And do you remember what Nebuchadnezzar said?
Daniel 4:30 - Is not this great Babylon, that I have built for the house of the kingdom by the might of my power, and for the honour of my majesty?
That boast almost sounds like it came from the front page of today's newspaper! But the next thing that great king heard in verse 31 was this: "The kingdom is departed from thee."
Rome had the same attitude as that Assyrian king in Isaiah 10 and as Nebuchadnezzar in Daniel 4, and Rome suffered the same fate.
Proverbs 16:18 - Pride goeth before destruction, and an haughty spirit before a fall.
The reference in verse 3 to the "merchants of the earth" is important. As we like to say today, if you want to understand something, then just follow the money. And if you followed the money in the first century, you would end up in Rome.
It was Roman money that kept the emperors in power because it was Roman money that allowed the emperors to keep the army happy, and no emperor ruled very long when the army wasn't happy.
It was Roman money that fueled the fires of Rome's power and of Rome's persecution of the church, and so God is including the merchants of Rome in this judgment of Rome. Those merchants might have thought it was just business, but God did not see it that way.
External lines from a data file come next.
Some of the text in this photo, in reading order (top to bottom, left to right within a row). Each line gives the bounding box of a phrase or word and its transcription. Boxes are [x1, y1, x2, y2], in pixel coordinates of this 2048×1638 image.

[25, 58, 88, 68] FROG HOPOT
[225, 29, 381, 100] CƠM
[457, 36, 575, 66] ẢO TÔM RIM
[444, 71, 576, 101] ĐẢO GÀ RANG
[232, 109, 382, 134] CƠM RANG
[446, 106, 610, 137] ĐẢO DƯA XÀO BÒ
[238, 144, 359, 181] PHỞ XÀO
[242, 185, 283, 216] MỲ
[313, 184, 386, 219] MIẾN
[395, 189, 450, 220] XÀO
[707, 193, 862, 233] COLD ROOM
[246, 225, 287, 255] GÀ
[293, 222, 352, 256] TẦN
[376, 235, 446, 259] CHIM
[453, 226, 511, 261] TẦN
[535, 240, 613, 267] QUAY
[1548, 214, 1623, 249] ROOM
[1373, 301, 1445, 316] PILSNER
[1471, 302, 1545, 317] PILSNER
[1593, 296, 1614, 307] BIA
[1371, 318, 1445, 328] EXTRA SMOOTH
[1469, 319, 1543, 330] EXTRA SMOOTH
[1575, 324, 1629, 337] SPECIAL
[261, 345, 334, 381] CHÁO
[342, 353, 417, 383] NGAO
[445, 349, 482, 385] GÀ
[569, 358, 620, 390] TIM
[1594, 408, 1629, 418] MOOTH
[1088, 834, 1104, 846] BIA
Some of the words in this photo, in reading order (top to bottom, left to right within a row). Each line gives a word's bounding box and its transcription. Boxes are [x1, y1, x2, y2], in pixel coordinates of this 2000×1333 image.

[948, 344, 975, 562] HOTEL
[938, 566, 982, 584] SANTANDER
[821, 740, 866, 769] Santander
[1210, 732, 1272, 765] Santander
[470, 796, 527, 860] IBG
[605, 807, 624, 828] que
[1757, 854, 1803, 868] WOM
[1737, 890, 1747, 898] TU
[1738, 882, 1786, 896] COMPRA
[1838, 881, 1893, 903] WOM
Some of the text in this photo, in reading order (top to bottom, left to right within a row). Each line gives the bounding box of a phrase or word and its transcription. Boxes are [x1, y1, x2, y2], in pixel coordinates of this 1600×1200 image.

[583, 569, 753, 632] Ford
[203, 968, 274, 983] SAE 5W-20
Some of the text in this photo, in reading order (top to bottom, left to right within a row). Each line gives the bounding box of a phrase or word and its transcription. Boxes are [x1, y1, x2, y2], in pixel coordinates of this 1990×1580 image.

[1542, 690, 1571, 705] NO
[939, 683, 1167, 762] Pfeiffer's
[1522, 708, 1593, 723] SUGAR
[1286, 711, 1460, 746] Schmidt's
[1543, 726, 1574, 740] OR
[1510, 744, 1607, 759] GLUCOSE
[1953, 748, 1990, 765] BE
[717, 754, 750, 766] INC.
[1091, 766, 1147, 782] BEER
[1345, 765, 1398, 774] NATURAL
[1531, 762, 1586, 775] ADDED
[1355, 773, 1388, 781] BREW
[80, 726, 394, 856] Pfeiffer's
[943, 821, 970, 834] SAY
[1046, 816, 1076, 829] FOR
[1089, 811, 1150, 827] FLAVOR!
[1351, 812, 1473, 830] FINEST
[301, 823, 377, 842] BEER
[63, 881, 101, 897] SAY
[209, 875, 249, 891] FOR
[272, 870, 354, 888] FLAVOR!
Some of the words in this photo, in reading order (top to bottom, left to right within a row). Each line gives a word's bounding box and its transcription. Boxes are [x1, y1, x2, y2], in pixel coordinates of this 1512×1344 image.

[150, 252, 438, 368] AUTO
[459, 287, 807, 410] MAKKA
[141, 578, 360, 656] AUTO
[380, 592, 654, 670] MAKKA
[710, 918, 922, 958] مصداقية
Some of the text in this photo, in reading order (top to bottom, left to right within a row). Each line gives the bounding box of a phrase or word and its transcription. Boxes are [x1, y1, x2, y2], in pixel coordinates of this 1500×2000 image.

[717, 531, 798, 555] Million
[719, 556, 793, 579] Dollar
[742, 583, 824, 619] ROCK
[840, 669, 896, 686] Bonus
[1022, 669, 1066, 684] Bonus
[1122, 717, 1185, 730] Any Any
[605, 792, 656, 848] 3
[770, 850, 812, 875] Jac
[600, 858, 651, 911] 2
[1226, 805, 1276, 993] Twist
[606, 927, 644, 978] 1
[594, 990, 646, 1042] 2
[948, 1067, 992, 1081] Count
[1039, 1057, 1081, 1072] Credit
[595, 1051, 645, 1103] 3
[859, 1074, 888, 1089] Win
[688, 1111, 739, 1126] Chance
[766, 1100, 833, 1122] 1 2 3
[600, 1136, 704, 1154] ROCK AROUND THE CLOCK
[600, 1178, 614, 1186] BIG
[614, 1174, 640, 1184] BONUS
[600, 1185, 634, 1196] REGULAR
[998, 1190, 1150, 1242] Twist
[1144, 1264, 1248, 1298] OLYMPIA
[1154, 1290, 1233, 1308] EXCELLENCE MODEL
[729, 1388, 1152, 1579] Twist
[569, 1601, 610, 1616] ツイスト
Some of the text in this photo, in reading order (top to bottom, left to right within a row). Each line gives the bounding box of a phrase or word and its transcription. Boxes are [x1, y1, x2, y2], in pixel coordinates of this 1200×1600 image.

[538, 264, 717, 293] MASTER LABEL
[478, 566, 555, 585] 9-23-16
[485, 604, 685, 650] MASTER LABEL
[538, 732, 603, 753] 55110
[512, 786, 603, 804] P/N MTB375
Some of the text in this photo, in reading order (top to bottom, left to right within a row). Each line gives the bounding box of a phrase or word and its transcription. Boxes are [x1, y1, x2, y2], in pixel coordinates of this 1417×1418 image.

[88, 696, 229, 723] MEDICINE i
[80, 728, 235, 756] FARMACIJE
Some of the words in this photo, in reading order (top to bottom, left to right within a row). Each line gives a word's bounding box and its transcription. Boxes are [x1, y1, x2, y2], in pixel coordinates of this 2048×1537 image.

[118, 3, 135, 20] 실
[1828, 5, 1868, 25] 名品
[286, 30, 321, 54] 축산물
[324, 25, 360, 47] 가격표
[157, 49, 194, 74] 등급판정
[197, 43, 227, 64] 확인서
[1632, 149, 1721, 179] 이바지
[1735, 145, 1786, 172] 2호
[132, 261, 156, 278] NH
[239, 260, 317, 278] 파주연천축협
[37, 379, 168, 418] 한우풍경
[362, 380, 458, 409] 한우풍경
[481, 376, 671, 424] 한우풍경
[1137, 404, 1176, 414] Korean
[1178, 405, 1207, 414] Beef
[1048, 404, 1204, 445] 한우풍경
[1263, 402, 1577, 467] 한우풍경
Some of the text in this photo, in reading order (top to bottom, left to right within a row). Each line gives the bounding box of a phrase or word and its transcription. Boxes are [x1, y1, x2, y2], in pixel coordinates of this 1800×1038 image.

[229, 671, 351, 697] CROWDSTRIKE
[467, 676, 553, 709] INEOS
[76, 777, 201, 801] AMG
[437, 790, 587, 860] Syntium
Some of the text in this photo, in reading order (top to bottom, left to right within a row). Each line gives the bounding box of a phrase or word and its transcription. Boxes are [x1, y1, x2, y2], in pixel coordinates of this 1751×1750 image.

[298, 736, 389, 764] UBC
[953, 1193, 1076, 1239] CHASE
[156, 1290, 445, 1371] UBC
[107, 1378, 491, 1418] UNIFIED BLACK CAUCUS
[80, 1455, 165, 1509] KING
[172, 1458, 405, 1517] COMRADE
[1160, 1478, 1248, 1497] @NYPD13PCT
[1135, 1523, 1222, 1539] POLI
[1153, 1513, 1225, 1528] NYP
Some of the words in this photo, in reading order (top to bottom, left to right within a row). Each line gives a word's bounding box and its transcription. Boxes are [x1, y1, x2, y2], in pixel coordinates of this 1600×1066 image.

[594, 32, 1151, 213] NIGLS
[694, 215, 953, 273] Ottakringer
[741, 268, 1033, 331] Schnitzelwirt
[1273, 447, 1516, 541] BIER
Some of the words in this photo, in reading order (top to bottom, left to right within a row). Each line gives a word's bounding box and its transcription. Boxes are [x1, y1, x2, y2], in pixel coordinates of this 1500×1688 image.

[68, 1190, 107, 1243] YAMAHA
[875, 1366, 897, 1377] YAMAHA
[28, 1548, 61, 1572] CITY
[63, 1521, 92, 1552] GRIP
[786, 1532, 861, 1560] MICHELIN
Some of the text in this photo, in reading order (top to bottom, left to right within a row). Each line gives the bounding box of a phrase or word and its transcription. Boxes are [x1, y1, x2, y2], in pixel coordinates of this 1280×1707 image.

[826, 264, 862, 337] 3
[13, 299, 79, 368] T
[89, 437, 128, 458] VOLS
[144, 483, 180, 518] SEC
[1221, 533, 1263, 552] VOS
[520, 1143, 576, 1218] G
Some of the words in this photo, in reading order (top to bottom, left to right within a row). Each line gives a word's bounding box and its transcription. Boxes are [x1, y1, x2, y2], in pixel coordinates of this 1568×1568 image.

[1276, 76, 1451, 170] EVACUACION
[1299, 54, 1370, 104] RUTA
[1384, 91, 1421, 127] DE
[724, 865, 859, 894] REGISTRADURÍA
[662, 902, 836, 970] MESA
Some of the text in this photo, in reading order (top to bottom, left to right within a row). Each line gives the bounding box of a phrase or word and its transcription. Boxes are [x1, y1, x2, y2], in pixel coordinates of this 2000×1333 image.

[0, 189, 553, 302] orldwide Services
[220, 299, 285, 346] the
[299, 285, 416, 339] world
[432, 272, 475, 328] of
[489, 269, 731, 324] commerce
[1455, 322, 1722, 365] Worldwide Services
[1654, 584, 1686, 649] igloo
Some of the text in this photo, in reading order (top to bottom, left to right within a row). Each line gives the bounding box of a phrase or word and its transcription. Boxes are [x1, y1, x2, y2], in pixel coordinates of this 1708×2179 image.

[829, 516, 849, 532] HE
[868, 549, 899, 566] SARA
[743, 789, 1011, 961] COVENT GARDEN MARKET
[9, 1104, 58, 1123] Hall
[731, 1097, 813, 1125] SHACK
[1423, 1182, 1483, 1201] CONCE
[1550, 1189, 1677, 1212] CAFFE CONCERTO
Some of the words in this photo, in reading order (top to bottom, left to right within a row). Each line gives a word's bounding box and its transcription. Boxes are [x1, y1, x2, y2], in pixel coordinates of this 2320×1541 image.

Rarely in our own country have we seen such unbridled greed as we saw in the 1920's just prior to the Great Depression. In fact, that greed was in large part responsible for the Great Depression. And did you know that we can draw a straight line from that greed in the United States to the atrocities of Hitler in Germany? Hitler came to power because of the worldwide economic turmoil that followed the Great Depression.
1 Timothy 6:10 - For the love of money is the root of all evil: which while some coveted after, they have erred from the faith, and pierced themselves through with many sorrows.
Men may think it's just business, but God does not see it that way.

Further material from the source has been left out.